Speeding Commuters

Posted by Andrew on May 21, 2017

This week’s riddler express was a great level of difficulty, not too tough, but still a challenge! I thought it was worthy of a write-up. One of my goals is to make these posts enjoyable for everyone, not just the people who are puzzle crazy like I am. If you have tips for things you thought were confusing or difficult to understand, let me know. Hope you enjoy!

From Jerry Meyers, a careening commute problem:
Our co-workers carpool to work each day. A driver is selected randomly for the drive to work and again randomly for the drive home. Each of the drivers has a lead foot, and each has a chance of being ticketed for speeding. Driver A has a 10 percent chance of getting a ticket each time he drives, Driver B a 15 percent chance, Driver C a 20 percent chance, and Driver D a 25 percent chance. The state will immediately revoke the license of a driver after his or her third ticket, and a driver will stop driving in the carpool once his license is revoked. Since there is only one police officer on the carpool route, a maximum of one ticket will be issued per morning and a max of one per evening.
Assuming that all four drivers start with no tickets, how many days can we expect the carpool to last until all the drivers have lost their licenses?

What do we know?

First, let’s make some observations about the problem. At the beginning of each trip, each driver will have some amount of tickets. I’m going to refer to these amounts as a state. For example, if Drivers A & B each had 1 ticket, I’ll write that state as [1, 1, 0, 0]. The intial state is [0, 0, 0, 0] and the end state is [3, 3, 3, 3] (all drivers are suspended).
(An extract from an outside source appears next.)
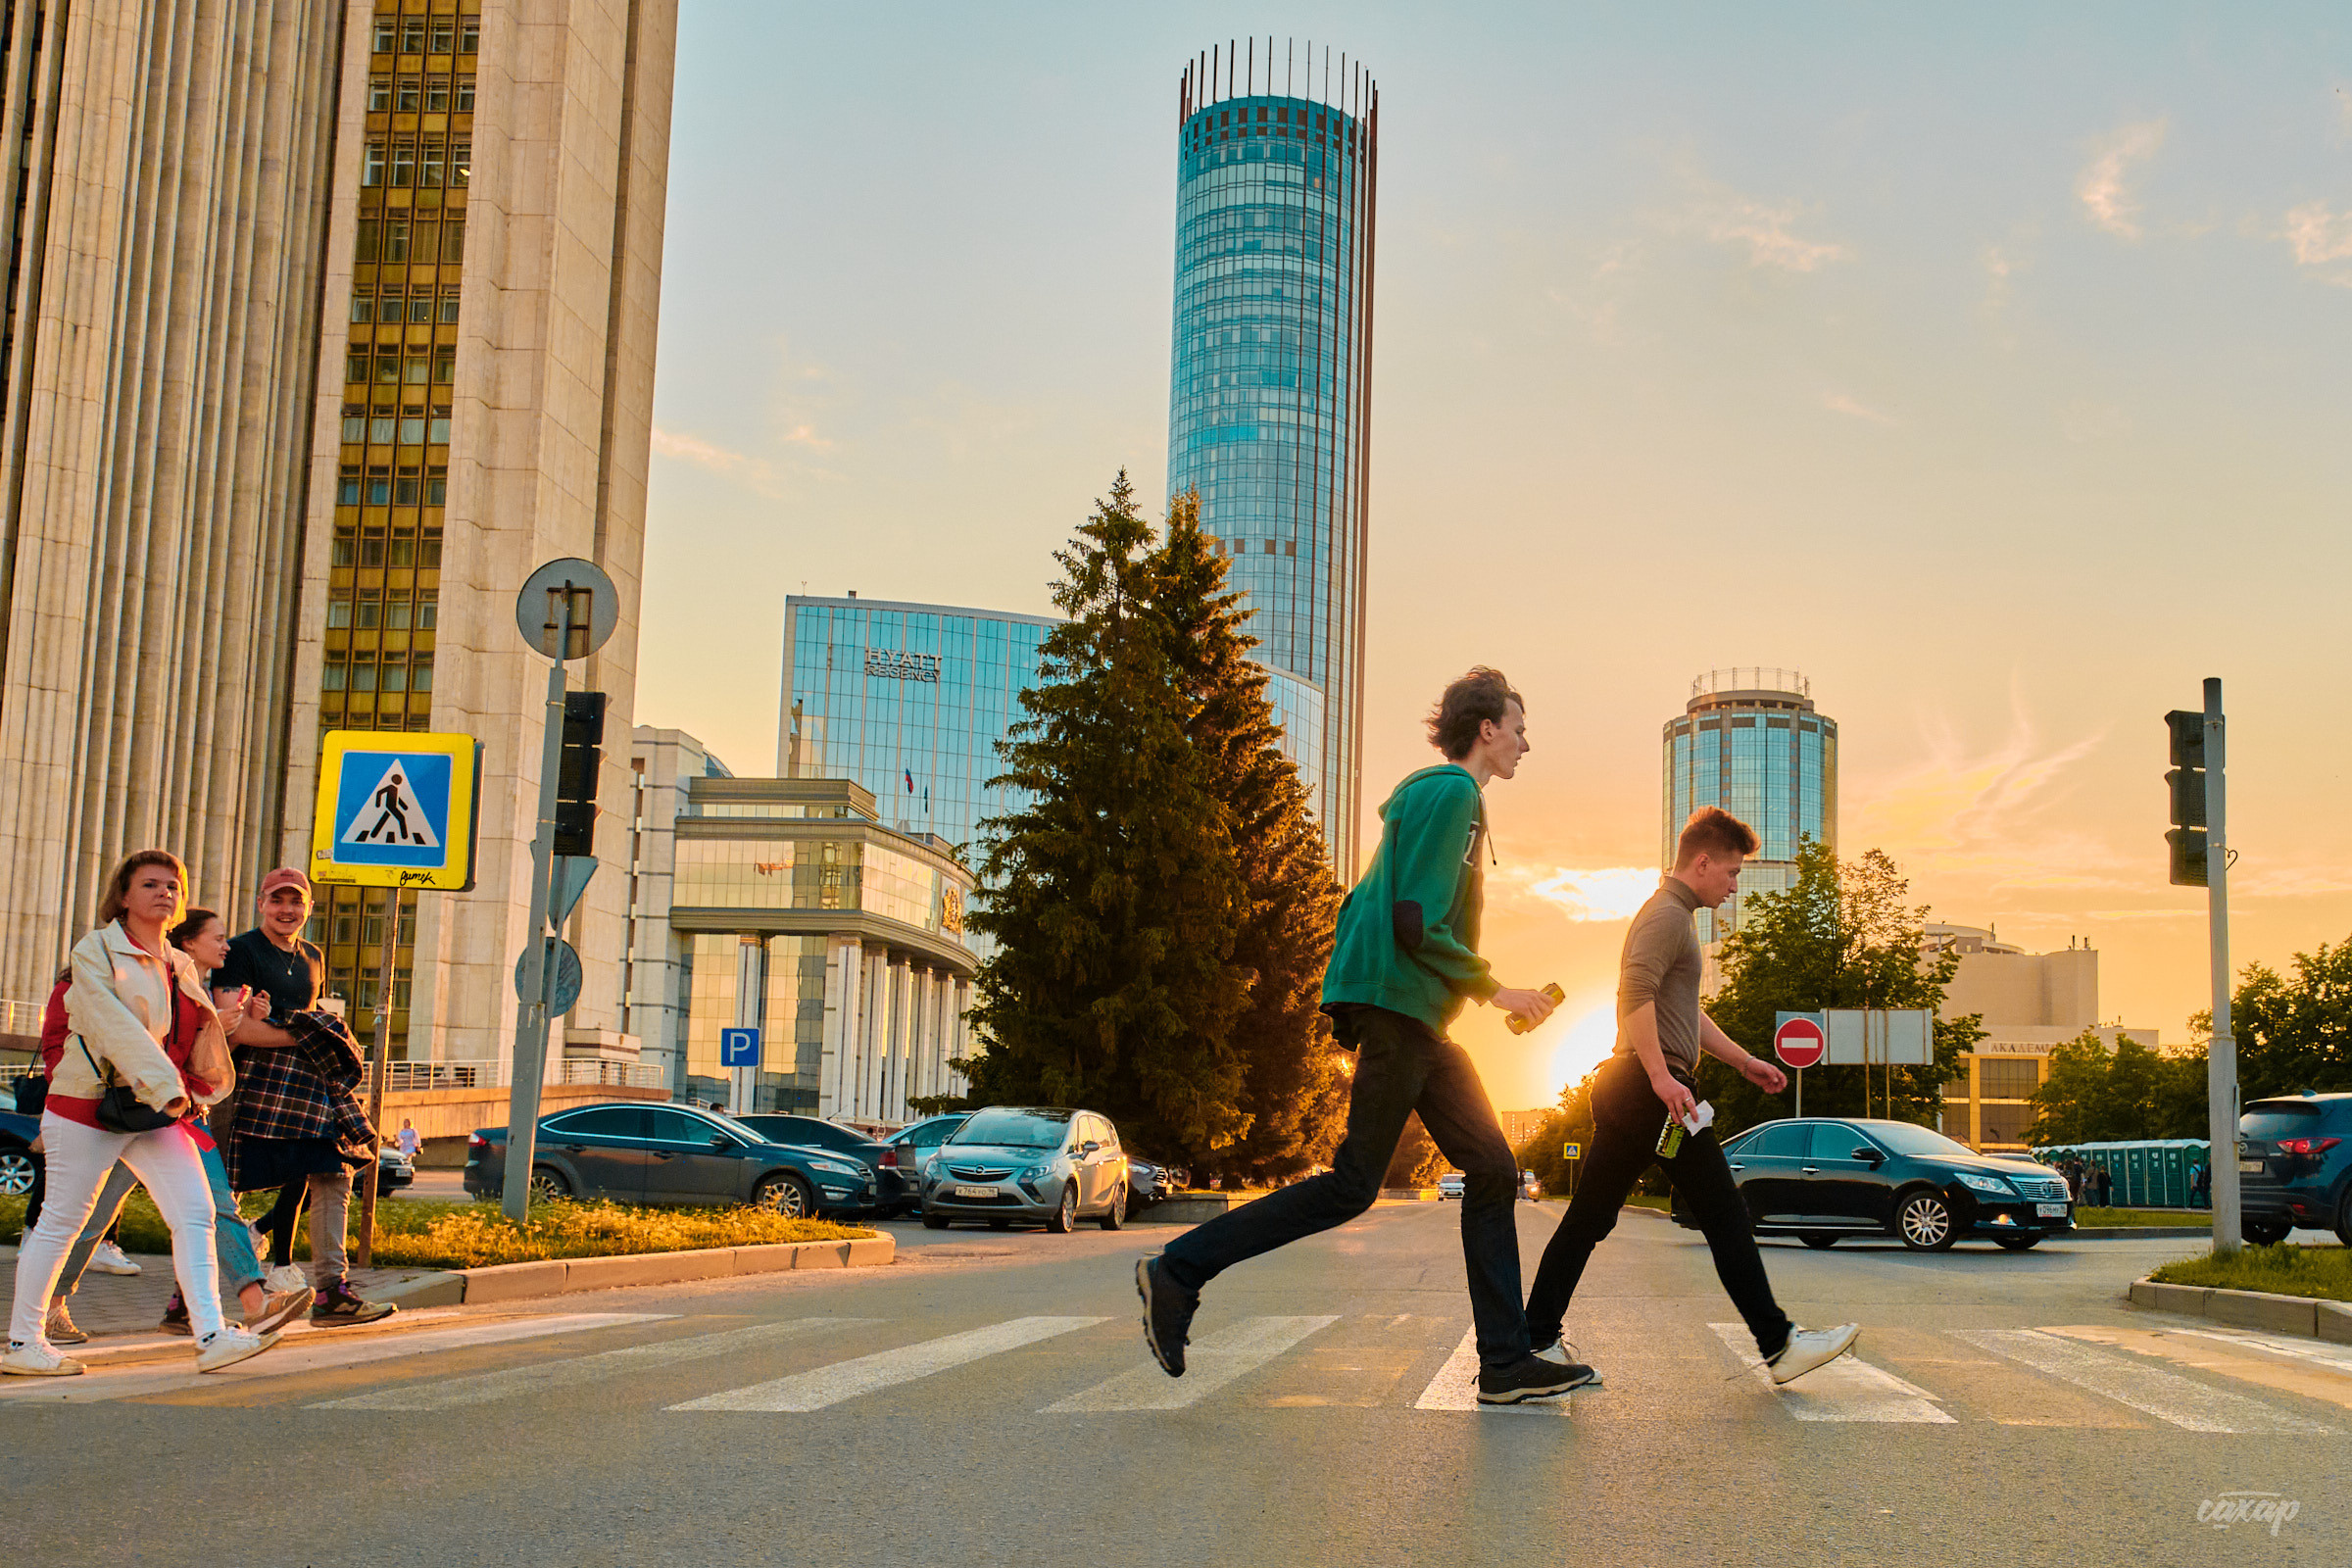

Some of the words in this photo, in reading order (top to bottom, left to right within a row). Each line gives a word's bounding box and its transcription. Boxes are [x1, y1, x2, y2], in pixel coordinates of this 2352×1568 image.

[867, 647, 943, 672] HYATT
[865, 664, 942, 683] REGENCY
[729, 1032, 752, 1063] P
1. There are a limited number of states

Each driver starts with 0 tickets and stops receiving them after their 3rd. Because there is a cap on the amount of tickets, and a fixed number of drivers, there is a finite number of ways that tickets can be distributed amongst our drivers.
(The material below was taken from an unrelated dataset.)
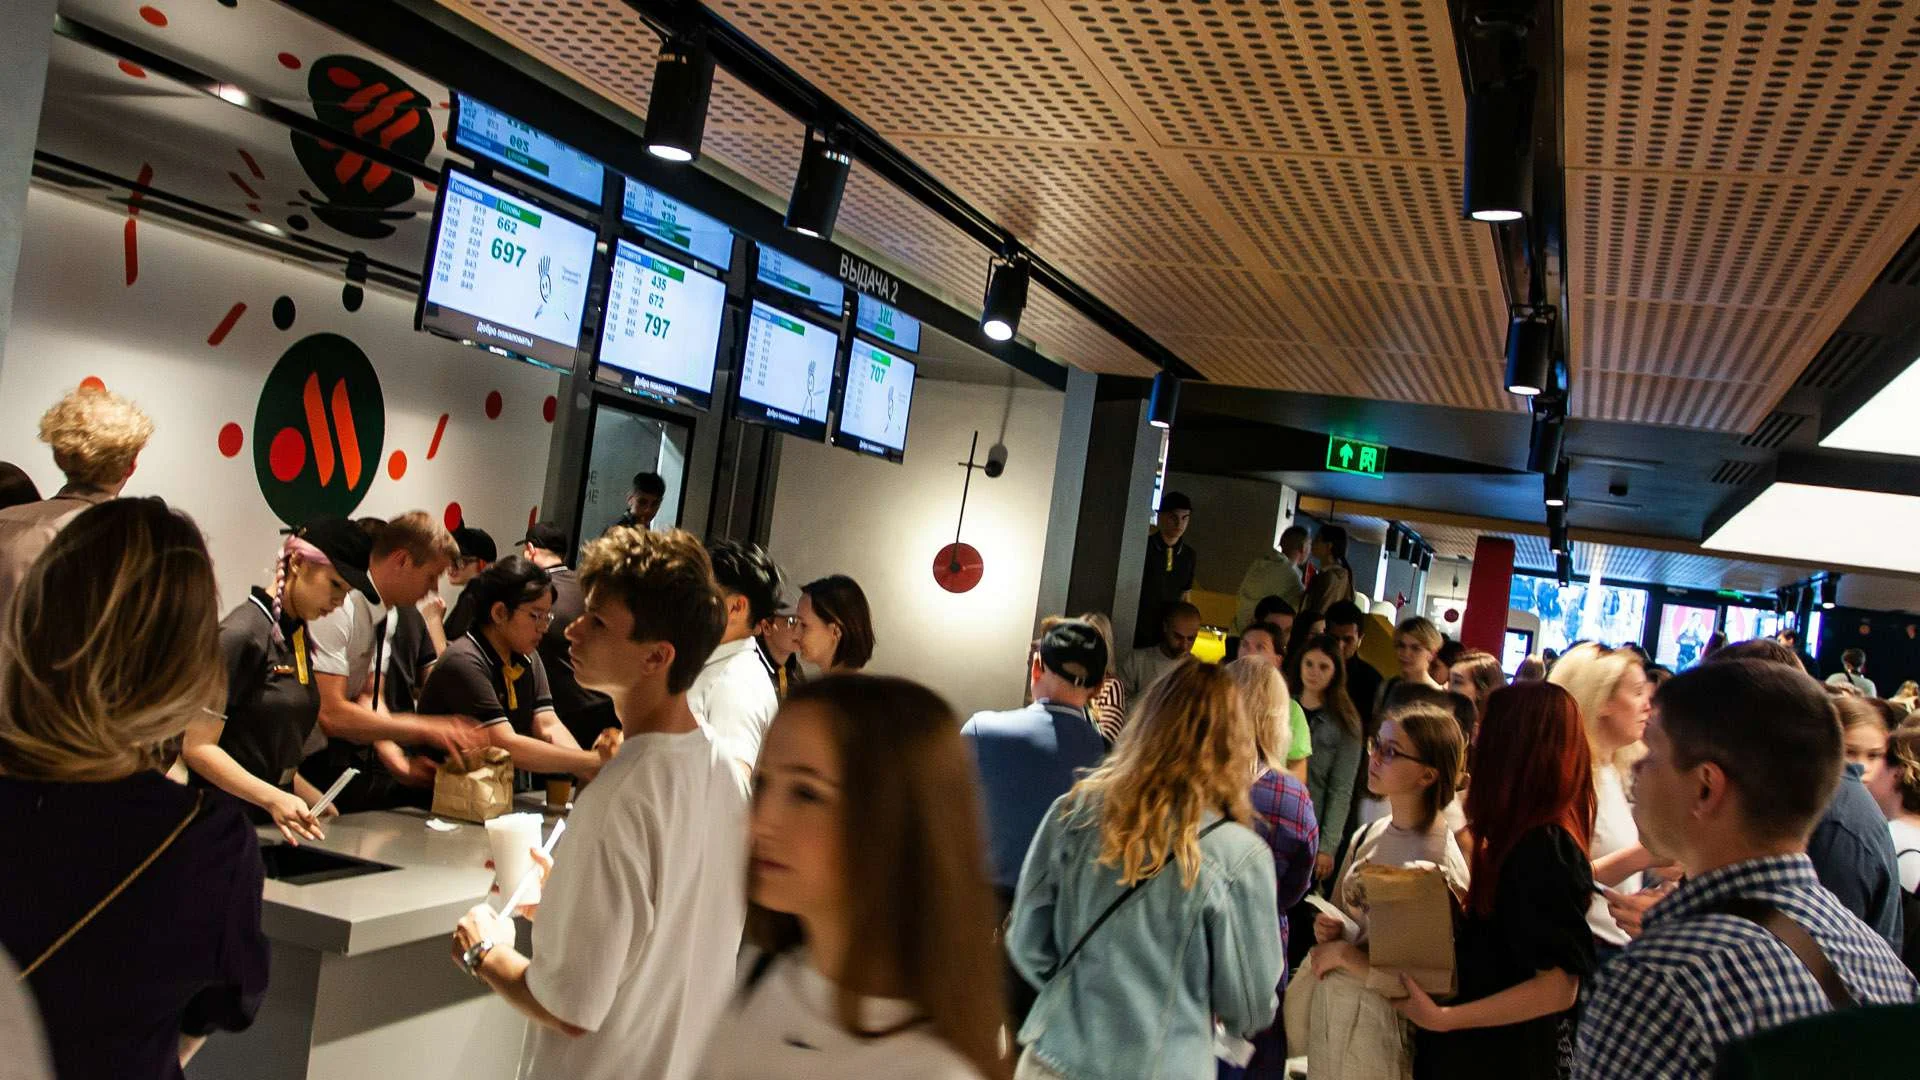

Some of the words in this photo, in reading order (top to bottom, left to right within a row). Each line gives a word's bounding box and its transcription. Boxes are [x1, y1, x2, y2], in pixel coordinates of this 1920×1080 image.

The actual number of states is the number of ways that 0, 1, 2, or 3 can be arranged, with repetition, across the 4 drivers. With 4 possible ticket amounts over 4 drivers, this will result in \(4^4\) or 256 unique states.

2. The probability for a driver to be ticketed depends only on the state at that time

If Driver A and Driver B each have 1 ticket, the probability that Driver C will receive a ticket is the same no matter which order A and B received their tickets. The only factors that influence each driver’s probability of receiving a ticket are:

  • the number of eligible drivers (more drivers means it’s less likely that any particular driver will need to drive)
  • their individual ticket probability

3. The end state can be reached from any other state

If I selected any possible distribution of tickets, it’s possible to reach the end state by issuing more tickets. No matter which state we pick, we can always make our way to the end state in a finite number of steps. This is probably the most abstract of all of these observations, but it’s important to the solution, so stick around!

Why do those matter?

These observations are important because they provide some restrictions on how our scenario works. These restrictions mean that a Markov chain might be a good method to solve this problem. A Markov process is a process with some randomness that doesn’t depend on previous state, i.e. it is “memoryless”. A Markov chain is a way to represent one of these processes, given it has a finite number of states.

A common example of a Markov chain is the board game Snakes & Ladders because:

  1. rolling dice to move around the board has randomness
  2. there are a limited number of spaces on the board
  3. the probability to move to a new space don’t depend on how you arrived at your current space.

In general, Markov chains are good at modeling board games involving dice. Analyses exist for at least Risk1, Monopoly2, and Snakes & Ladders34.

In our riddle, observation 2 provides the “memoryless” criteria and observation 1 shows that there is a finite number of states. It’s looking good that we could use Markov chains to solve our riddle.

Example Markov chain

Let’s pretend tomorrow’s weather depends only on today’s weather, and there are only two types of weather: rainy or sunny5. The weather follows these patterns:

  • If it’s sunny today, tommorow’s weather is:
    • 90% likely to remain sunny.
    • 10% likely to turn rainy.
  • If it’s rainy today, tommorow’s weather is:
    • 50% likely to turn sunny.
    • 50% likely to remain rainy.

The Markov chain for this scenario looks like this: weather_markov

Markov chains can also be written as transition matrices. In a transition matrix, each number represents the probability that the process would transition from that row’s state to that column’s state. The weather model as a transition matrix is:


I’ve highlighted one transition in the chain and its corresponding entry in the matrix as well to illustrate how the transition matrix is set up.

Start Your Engines

You might be wondering how we’re going to relate this foray into Markov chains back to our riddle.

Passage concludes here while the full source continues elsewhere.